A faithful copy of all the entries is required, with no pictures in it.

> Data for analysis:
____________

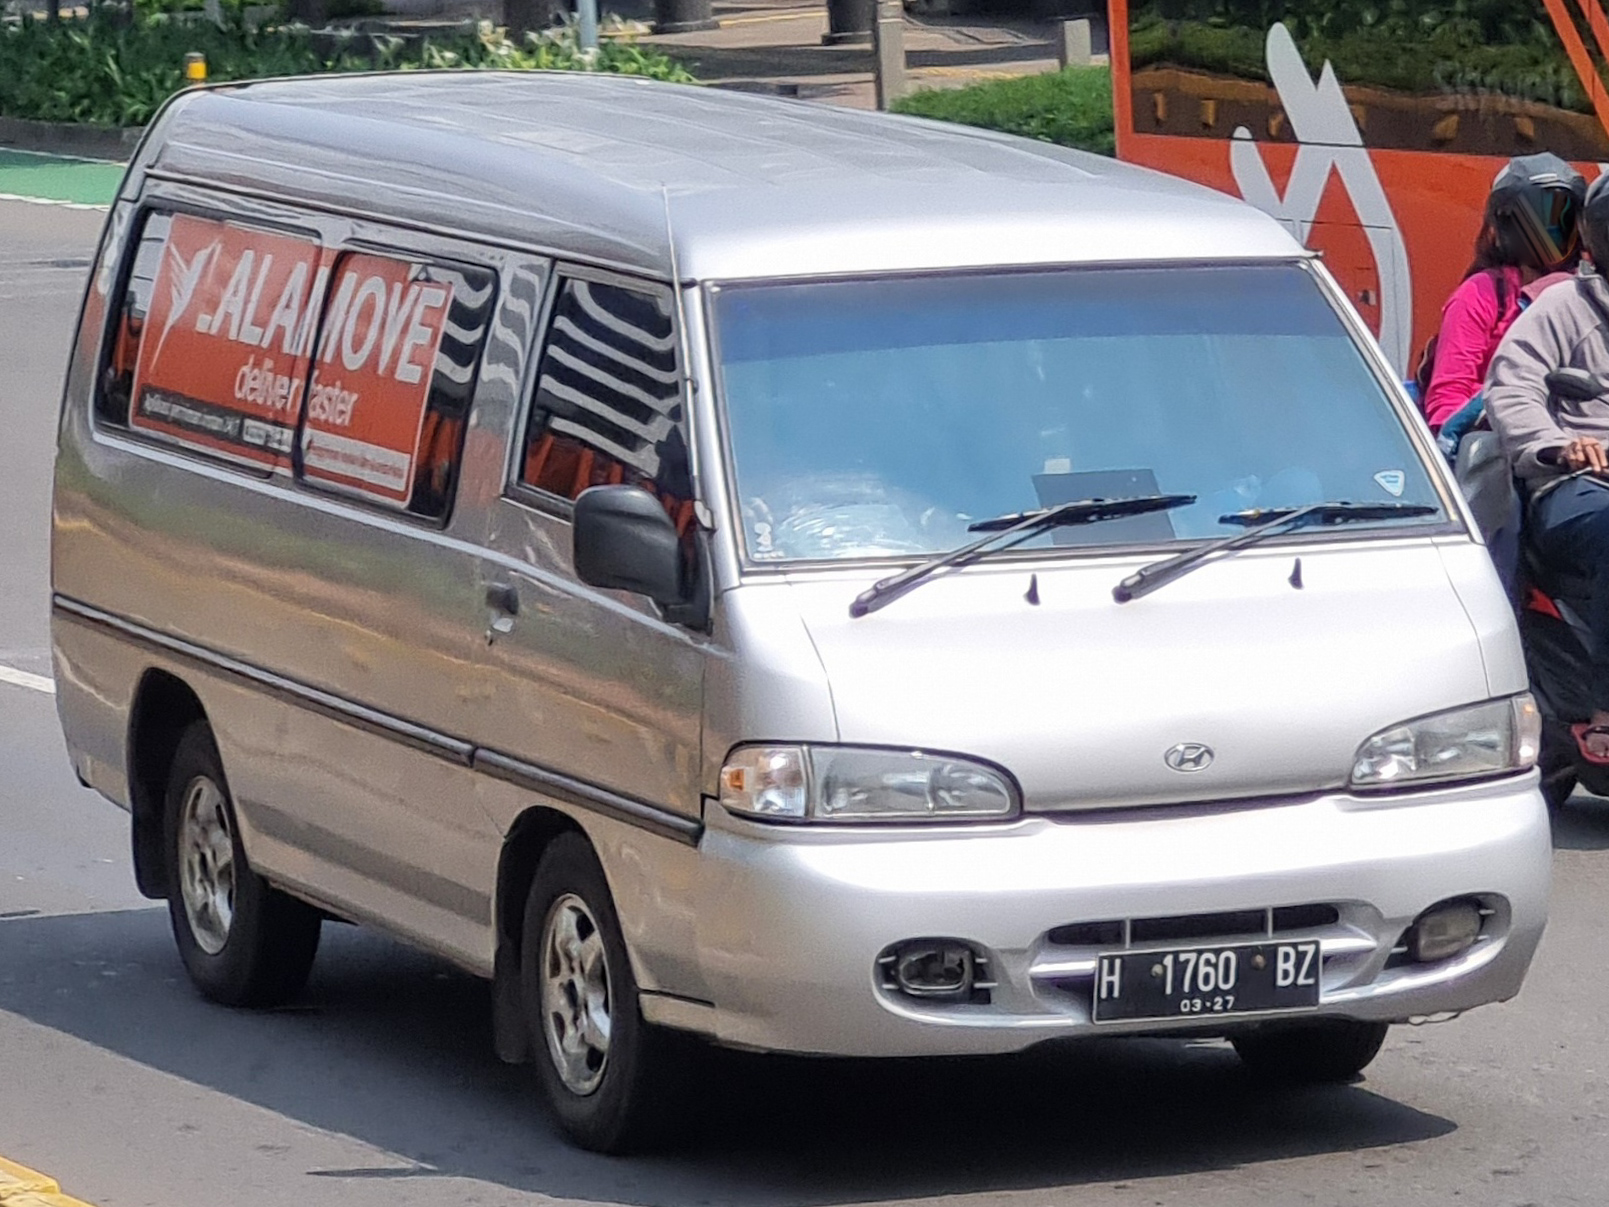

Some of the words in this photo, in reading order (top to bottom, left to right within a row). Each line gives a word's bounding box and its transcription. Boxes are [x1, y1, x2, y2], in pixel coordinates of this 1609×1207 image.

[234, 354, 300, 412] deliver
[1100, 958, 1121, 999] H
[1162, 950, 1237, 995] 1760
[1276, 944, 1316, 987] BZ
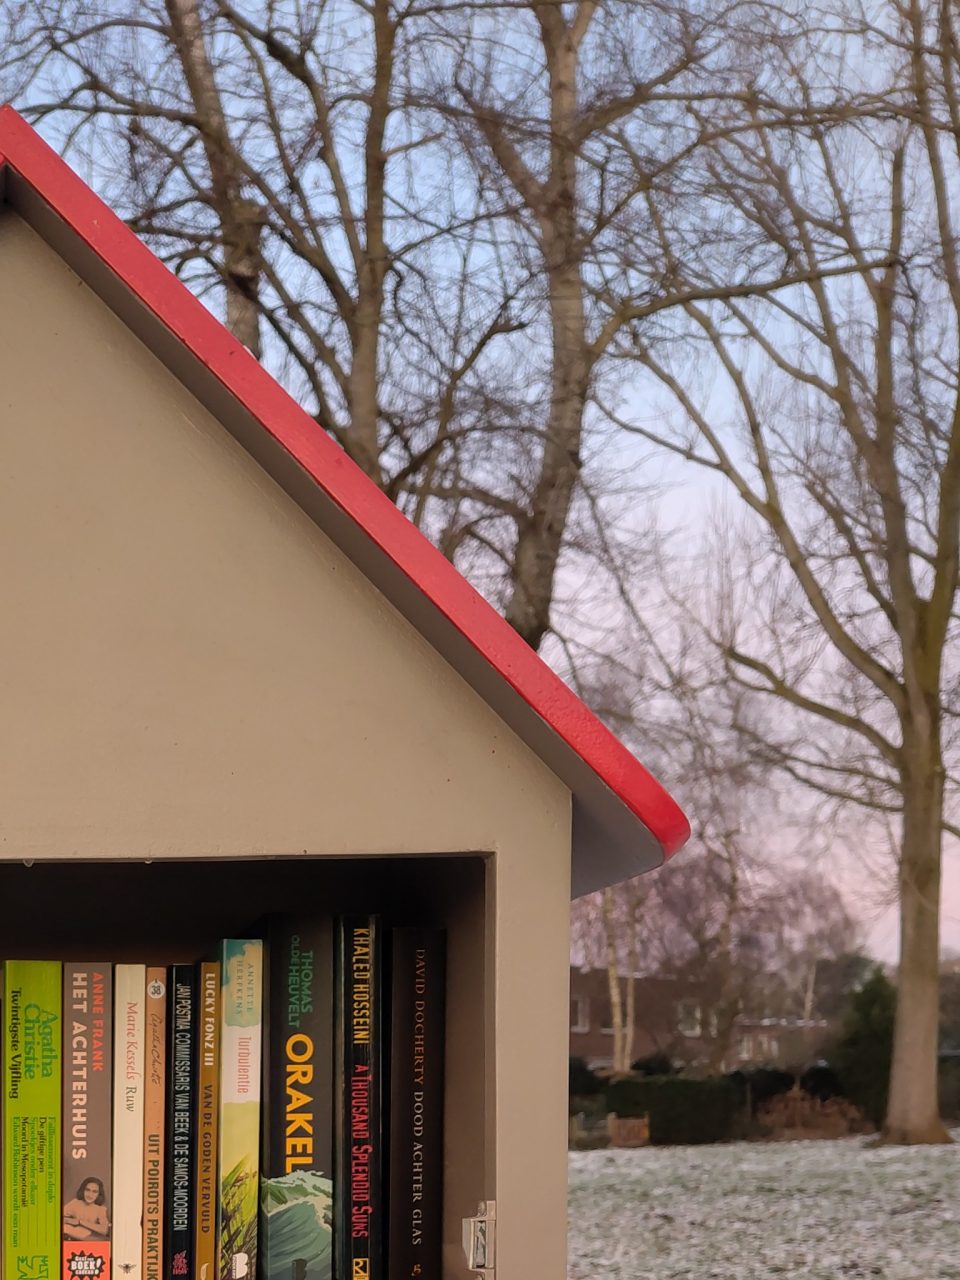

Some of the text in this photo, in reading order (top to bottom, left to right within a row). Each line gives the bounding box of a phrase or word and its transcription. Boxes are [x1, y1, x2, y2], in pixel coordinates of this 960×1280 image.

[176, 984, 191, 999] JAN
[176, 1000, 191, 1030] POSTMA
[204, 973, 216, 1066] LUCKY FONZ III
[246, 963, 254, 1013] ANNETTE
[288, 935, 301, 1028] OLDE HEUVELT
[300, 950, 314, 1013] THOMAS
[352, 928, 371, 1045] KHALED HOSSEINI
[414, 948, 426, 1086] DAVID DOCHERTY
[8, 987, 22, 1099] Twintigste Vijfling
[24, 1003, 42, 1080] Christie
[38, 1009, 58, 1078] Agatha
[91, 971, 104, 1072] ANNE FRANK
[126, 1002, 141, 1081] Marie Kessels
[72, 972, 88, 1161] HET ACHTERHUIS
[126, 1086, 137, 1112] Ruw
[175, 1032, 191, 1091] COMMISSARIS
[237, 1036, 252, 1094] Turbulentie
[21, 1116, 29, 1143] Moord
[174, 1111, 189, 1135] BEEK
[175, 1093, 189, 1110] VAN
[285, 1033, 315, 1176] ORAKEL
[37, 1116, 46, 1173] De giftige pen
[174, 1143, 188, 1156] DE
[200, 1084, 212, 1234] VAN DE GODEN VERVULD
[351, 1064, 373, 1238] A THOUSAND SPLENDID SUNS
[411, 1091, 425, 1246] DOOD ACHTER GLAS
[146, 1134, 160, 1280] UIT POIROTS PRAKTIJK
[173, 1157, 188, 1232] SAMOS-MOORDEN

____________

> Answer space:
Some of the words in this photo, in reading order (top to bottom, left to right within a row). Each line gives a word's bounding box and its transcription. Boxes are [x1, y1, x2, y2], in pixel coordinates of this 1609×1207 image.

[234, 354, 300, 412] deliver
[1100, 958, 1121, 999] H
[1162, 950, 1237, 995] 1760
[1276, 944, 1316, 987] BZ

Some of the text in this photo, in reading order (top to bottom, left to right within a row). Each line gives the bounding box of a phrase or word and its transcription. Boxes are [x1, y1, x2, y2], in pixel coordinates of this 960×1280 image.

[176, 984, 191, 999] JAN
[176, 1000, 191, 1030] POSTMA
[204, 973, 216, 1066] LUCKY FONZ III
[246, 963, 254, 1013] ANNETTE
[288, 935, 301, 1028] OLDE HEUVELT
[300, 950, 314, 1013] THOMAS
[352, 928, 371, 1045] KHALED HOSSEINI
[414, 948, 426, 1086] DAVID DOCHERTY
[8, 987, 22, 1099] Twintigste Vijfling
[24, 1003, 42, 1080] Christie
[38, 1009, 58, 1078] Agatha
[91, 971, 104, 1072] ANNE FRANK
[126, 1002, 141, 1081] Marie Kessels
[72, 972, 88, 1161] HET ACHTERHUIS
[126, 1086, 137, 1112] Ruw
[175, 1032, 191, 1091] COMMISSARIS
[237, 1036, 252, 1094] Turbulentie
[21, 1116, 29, 1143] Moord
[174, 1111, 189, 1135] BEEK
[175, 1093, 189, 1110] VAN
[285, 1033, 315, 1176] ORAKEL
[37, 1116, 46, 1173] De giftige pen
[174, 1143, 188, 1156] DE
[200, 1084, 212, 1234] VAN DE GODEN VERVULD
[351, 1064, 373, 1238] A THOUSAND SPLENDID SUNS
[411, 1091, 425, 1246] DOOD ACHTER GLAS
[146, 1134, 160, 1280] UIT POIROTS PRAKTIJK
[173, 1157, 188, 1232] SAMOS-MOORDEN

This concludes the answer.